分厚い黒縁眼鏡の奥で、視線だけが冷静に動いている。


「でもさ」


奈緒が腕を組む。


「学校の中にいる感覚で言うと、3人とも全然“誰でもいい”感じじゃないんだよね」


梓沙が顔を上げる。


奈緒は続けた。


「同じ学校の生徒っていっても、本当に目立たない子まで含めたら、もっとたくさんいるじゃん。でも、この3人って、名前を聞いたらすぐ顔が浮かぶ側なんだよ。斉藤さんも、三田村さんも、佐野さんも」


梢も頷いた。


「それ、わかります。タイプは全然違うけど、“あの子ね”ってすぐ通じる子たちでしたよね」


その言葉は、梓沙の胸の奥で引っかかっているものと同じだった。


外から見れば、ただの女子高生3人。


でも学校の中で息をしている側から見ると、たしかに“誰でもいい”感じではない。


うまく言葉にできない。

けれど、その違和感だけは確実にある。


「……やっぱり、ただの行きずりだけじゃ説明しにくい気がする」


梓沙は小さく言った。


「同じ学校ってだけじゃなくて、もっと近いところの何かで選ばれてる感じがするんだよね」


部室の空気が少し変わる。


でも、その“何か”がまだ見えない。


梓沙は一度目を閉じた。


本気で踏み込むと決めたのに、肝心の最初の入口で立ち止まっている。


それが悔しかった。


自分たちは何かに近づいているはずなのに、まだ“これだ”と言えるものがない。


「……今日は、ここで行き詰まっちゃうかもしれないね」


梓沙は苦笑混じりに言った。


それは諦めの声ではない。

だが、明らかに勢いは落ちていた。


その沈みかけた空気を、沙知絵が破る。


「梓沙先輩。
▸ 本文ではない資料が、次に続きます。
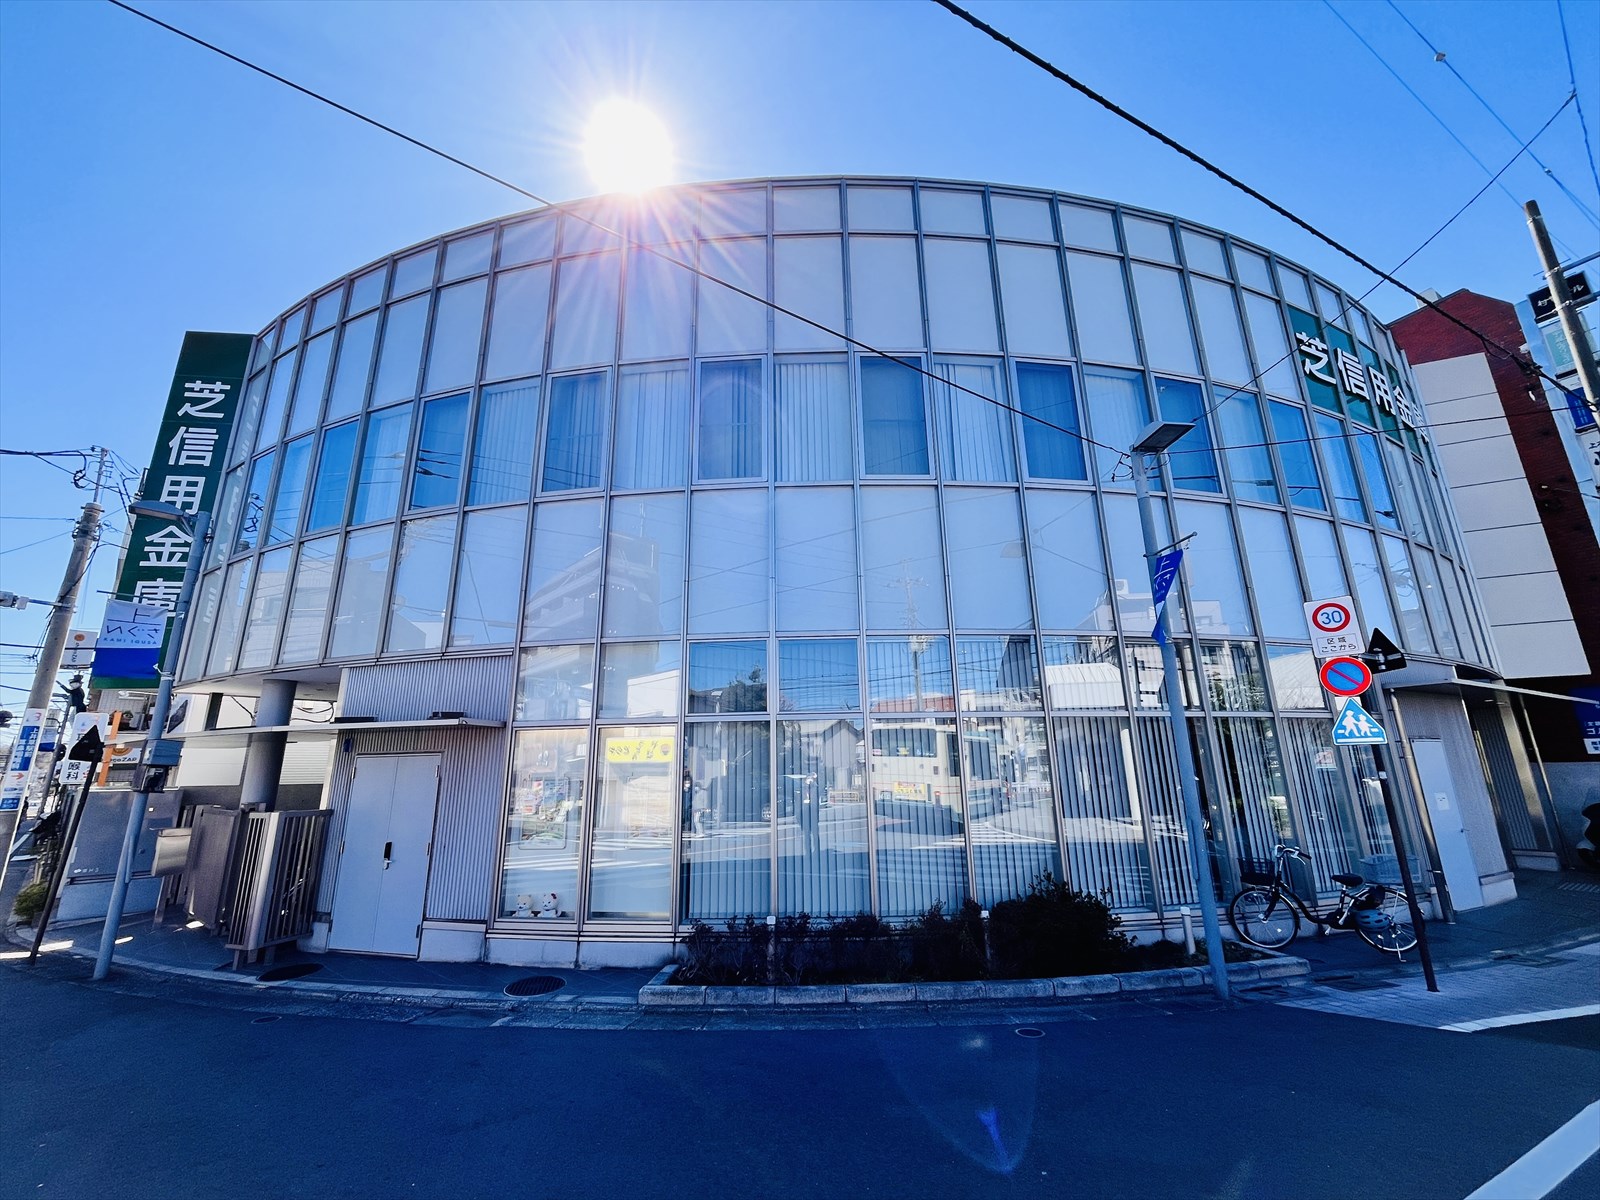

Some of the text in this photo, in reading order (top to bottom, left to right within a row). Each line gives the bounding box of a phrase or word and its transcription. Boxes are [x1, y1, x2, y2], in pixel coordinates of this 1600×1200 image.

じゃあ、別の視点から今回の連続殺人を考えてみたらどうですか?」


唐突だが、落ち着いた声音だった。


「別の視点? 例えば?」


「例えばですけど……私、最初から少し気になってたんです。3人の遺体が発見された場所なんですけど――」


そう言って沙知絵は、自分のバッグから折り畳まれた福岡市周辺の地図を取り出した。


机の上に広げる動作は無駄がなく、どこか誇らしげだ。


他のメンバーは、その準備の良さに思わず感心する。


「え、最初から持ってきてたの?」


梢が言う。


沙知絵は少し肩を竦めた。


「人物の共通点だけだと、どこかで詰まる気がしてたから」


その一言で、梓沙は少しだけ顔を上げた。


自分だけが考えていたんじゃない。

別の頭も、別の方向からもう動いていたのだ。


沙知絵は赤ペンを取り出し、地図の上に印をつけ始めた。


「まず、斉藤さんの遺体発見現場は箱崎埠頭。次に三田村さんは別府周辺。そして、佐野さんは――大橋の公園」


3つの赤いバツ印が、地図上に並ぶ。


だがこの時の梓沙の心には、まだ“解ける”感覚はなかった。


被害者の共通点は、不完全なまま。

しかも場所まで見ても、すぐには意味が繋がらない。


手がかりは増えている。

なのに核心は遠のいていく。


それが、いちばん嫌だった。


部室の中に、静かな沈黙が落ちた。


入口近くの花瓶には、奈緒が持ってきた色とりどりの花が生けられている。


淡い香りが、張り詰めた空気をわずかに和らげる。

窓の外では、夕暮れがさらに深まり、北校舎の廊下に長い影を落としていた。


梓沙は、赤いバツ印の並んだ地図を見つめながら、ゆっくり息を吐く。


まだ足りない。

まだ、何かが欠けている。


でも――


人物を見ても揃わなかったものが、場所ならまだ何かを黙っていない気がした。


その感覚だけが、微かに残る。


今日の推理は、まだ結論には届かない。


けれど少なくとも、次に見るべき方向だけは、少しだけ見えた気がしていた。